■ Instructions to follow ■
The output should be every line below, retyped exactly, with no images.

■ Input material ■
————

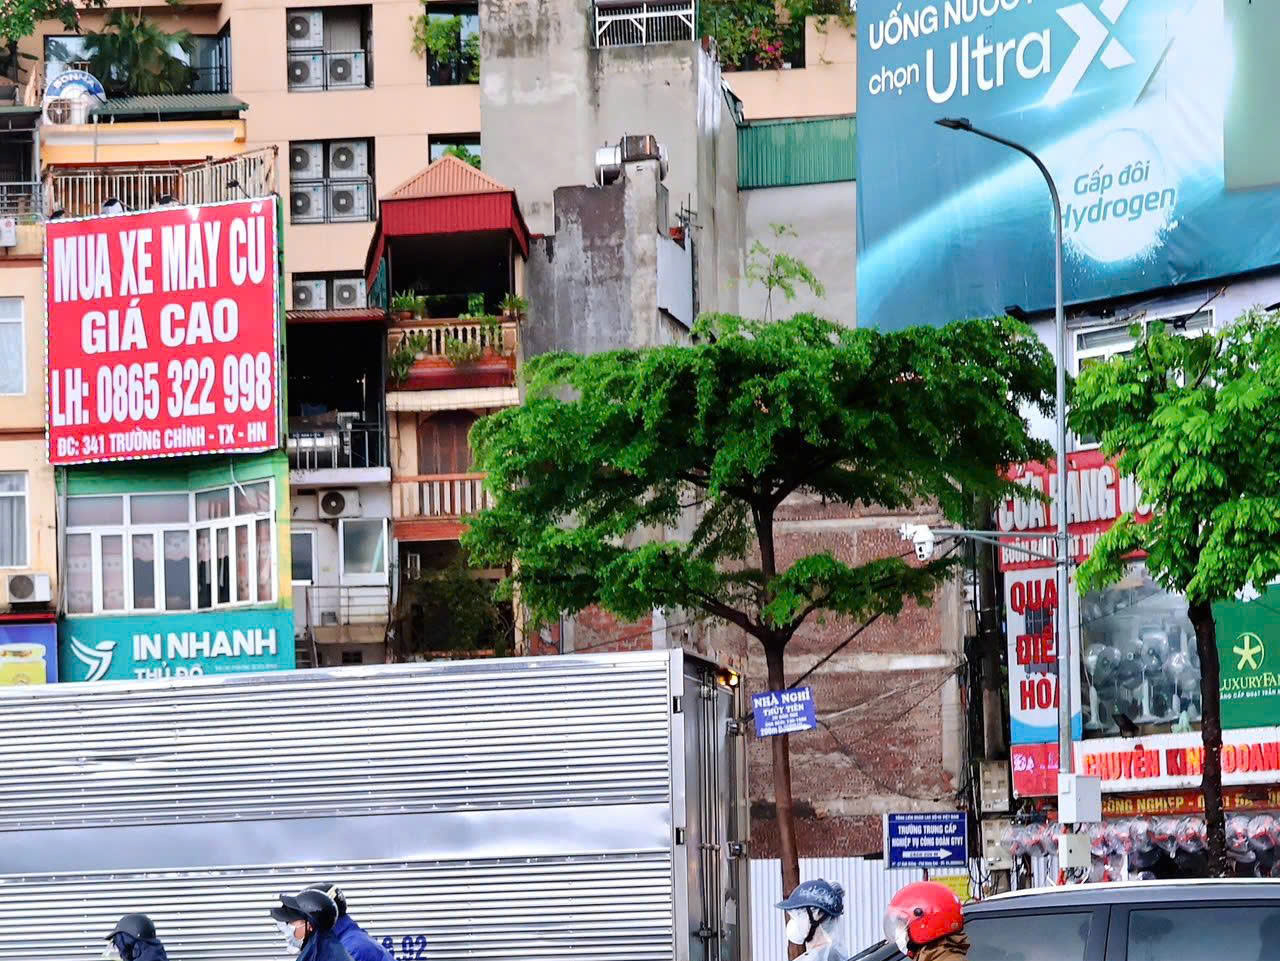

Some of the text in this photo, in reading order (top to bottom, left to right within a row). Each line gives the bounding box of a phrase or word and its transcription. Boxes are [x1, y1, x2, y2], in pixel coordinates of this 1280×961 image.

[869, 2, 940, 50] UỐNG
[869, 63, 919, 95] chọn
[926, 28, 1051, 103] Ultra
[1074, 160, 1150, 195] Gấp đôi
[1052, 187, 1176, 232] Hydrogen
[53, 232, 113, 303] MUA
[119, 228, 154, 297] XE
[229, 203, 266, 286] CŨ
[81, 298, 239, 354] GIÁ CAO
[52, 352, 271, 427] LH: 0865 322 998
[57, 434, 79, 456] ĐC:
[82, 434, 105, 454] 341
[109, 426, 161, 453] TRƯỜNG
[218, 424, 235, 445] TX
[247, 421, 267, 442] HN
[1010, 577, 1060, 617] QUẠ
[132, 628, 277, 662] IN NHANH
[753, 692, 780, 708] NHÀ
[1083, 744, 1161, 781] CHUYÊN
[1166, 746, 1205, 777] KIN

————

■ Answer area ■
Some of the text in this photo, in reading order (top to bottom, left to right within a row). Each line gives the bounding box of a phrase or word and its transcription. Boxes are [x1, y1, x2, y2], in pixel coordinates of this 1280×961 image.

[869, 2, 940, 50] UỐNG
[869, 63, 919, 95] chọn
[926, 28, 1051, 103] Ultra
[1074, 160, 1150, 195] Gấp đôi
[1052, 187, 1176, 232] Hydrogen
[53, 232, 113, 303] MUA
[119, 228, 154, 297] XE
[229, 203, 266, 286] CŨ
[81, 298, 239, 354] GIÁ CAO
[52, 352, 271, 427] LH: 0865 322 998
[57, 434, 79, 456] ĐC:
[82, 434, 105, 454] 341
[109, 426, 161, 453] TRƯỜNG
[218, 424, 235, 445] TX
[247, 421, 267, 442] HN
[1010, 577, 1060, 617] QUẠ
[132, 628, 277, 662] IN NHANH
[753, 692, 780, 708] NHÀ
[1083, 744, 1161, 781] CHUYÊN
[1166, 746, 1205, 777] KIN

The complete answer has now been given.